If an compilation or recompilation errors occurs when they are at TRY … CATCH level, those errors are not handled by construct TRY …CATCH. On the other hand, if the error occurs at a lower execution level (ex. Sp_executesql or a stored procedure) the errors are handled by the construct TRY…CATCH.


Run the following code to demonstrate an event that is not handle by TRY…CATCH. The code, execute a SELECT statement to a non existing table, it cause an error:



BEGIN TRY

SELECT * FROM TABLENOTDEFINED

END TRY

BEGIN CATCH

exec dbo.sp_err_msg

END CATCH


Result:


Msg 208, Level 16, State 1, Line 2

Invalid object name 'TABLENOTDEFINED'.


However, if the SELECT statement is executed by a stored procedure the error will occur at a level lower than TRY block. Then, the error will be handled by the construct TRY … CATCH.
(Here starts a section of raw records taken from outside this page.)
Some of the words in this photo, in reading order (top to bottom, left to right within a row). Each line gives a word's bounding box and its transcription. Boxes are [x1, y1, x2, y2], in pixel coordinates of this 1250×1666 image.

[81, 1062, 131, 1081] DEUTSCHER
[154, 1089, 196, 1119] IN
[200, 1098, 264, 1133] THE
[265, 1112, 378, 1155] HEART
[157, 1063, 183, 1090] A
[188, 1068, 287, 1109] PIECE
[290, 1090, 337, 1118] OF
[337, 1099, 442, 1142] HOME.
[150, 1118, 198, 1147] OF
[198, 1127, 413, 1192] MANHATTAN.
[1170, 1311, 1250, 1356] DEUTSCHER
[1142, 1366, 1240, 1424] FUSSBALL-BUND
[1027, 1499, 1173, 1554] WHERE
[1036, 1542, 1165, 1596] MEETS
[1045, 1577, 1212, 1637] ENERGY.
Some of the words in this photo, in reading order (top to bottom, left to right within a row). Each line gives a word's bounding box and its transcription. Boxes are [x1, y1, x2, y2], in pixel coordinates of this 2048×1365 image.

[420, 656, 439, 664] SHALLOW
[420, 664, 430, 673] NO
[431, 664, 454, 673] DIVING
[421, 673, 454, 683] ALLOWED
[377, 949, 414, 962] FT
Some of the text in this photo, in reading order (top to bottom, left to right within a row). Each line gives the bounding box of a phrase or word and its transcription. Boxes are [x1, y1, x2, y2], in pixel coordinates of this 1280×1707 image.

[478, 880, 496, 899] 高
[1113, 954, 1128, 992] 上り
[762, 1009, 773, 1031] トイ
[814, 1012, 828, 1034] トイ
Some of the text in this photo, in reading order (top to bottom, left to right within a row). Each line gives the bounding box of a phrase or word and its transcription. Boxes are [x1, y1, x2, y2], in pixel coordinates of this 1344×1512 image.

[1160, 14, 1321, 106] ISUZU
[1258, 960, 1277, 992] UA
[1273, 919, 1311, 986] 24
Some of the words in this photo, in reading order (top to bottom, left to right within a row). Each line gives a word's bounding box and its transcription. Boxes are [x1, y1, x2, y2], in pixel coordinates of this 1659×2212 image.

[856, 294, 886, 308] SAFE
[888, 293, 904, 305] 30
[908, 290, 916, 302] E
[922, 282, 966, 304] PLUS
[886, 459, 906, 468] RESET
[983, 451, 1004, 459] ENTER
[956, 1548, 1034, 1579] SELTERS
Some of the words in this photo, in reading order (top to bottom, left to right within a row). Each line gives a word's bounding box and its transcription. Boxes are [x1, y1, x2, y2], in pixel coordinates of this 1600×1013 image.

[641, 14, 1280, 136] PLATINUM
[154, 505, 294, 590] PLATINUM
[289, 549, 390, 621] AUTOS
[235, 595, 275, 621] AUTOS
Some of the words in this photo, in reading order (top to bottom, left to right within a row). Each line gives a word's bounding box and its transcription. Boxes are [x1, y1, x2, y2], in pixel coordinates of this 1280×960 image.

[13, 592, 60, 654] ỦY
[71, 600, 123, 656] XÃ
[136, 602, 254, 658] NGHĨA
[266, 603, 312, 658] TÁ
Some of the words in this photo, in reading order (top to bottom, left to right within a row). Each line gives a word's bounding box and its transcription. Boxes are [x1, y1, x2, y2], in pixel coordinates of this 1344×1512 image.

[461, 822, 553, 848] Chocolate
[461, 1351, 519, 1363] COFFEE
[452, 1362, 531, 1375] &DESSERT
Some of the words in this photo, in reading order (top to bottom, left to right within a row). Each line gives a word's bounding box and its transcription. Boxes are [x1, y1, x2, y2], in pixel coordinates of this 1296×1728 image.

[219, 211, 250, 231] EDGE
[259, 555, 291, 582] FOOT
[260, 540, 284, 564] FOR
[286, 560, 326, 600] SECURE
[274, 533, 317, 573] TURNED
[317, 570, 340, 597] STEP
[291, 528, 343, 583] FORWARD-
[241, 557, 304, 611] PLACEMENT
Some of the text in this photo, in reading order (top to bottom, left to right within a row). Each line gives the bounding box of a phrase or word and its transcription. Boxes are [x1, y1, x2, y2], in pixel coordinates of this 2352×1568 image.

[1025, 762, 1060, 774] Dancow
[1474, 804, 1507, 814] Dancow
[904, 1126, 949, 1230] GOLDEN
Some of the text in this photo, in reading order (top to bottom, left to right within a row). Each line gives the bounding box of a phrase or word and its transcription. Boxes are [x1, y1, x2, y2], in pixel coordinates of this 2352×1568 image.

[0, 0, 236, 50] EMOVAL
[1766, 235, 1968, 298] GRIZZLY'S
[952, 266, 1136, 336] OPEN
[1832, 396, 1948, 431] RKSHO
create procedure dbo.sp_exec_TABLENOTDEFINED

as

SELECT * FROM TABLENOTDEFINED

GO

BEGIN TRY

exec dbo.sp_exec_TABLENOTDEFINED

END TRY

BEGIN CATCH

exec dbo.sp_err_msg

END CATCH


The table non defined on the Stored procedure cause an error 208, it is handled by TRY ... CATCH, and a customized error message is shown.


Result.


Oops, the table queried does not exists.


Conclusion


TRY..CATCH is the main tool provided by SQL Server to handling errors. To obtain more information about the errors is possible to use a system functions as: ERROR_NUMBER(), ERROR_SEVERITY(), ERROR_STATE(), ERROR_LINE(), ERROR_MESSAGE(), ERROR_PROCEDURE().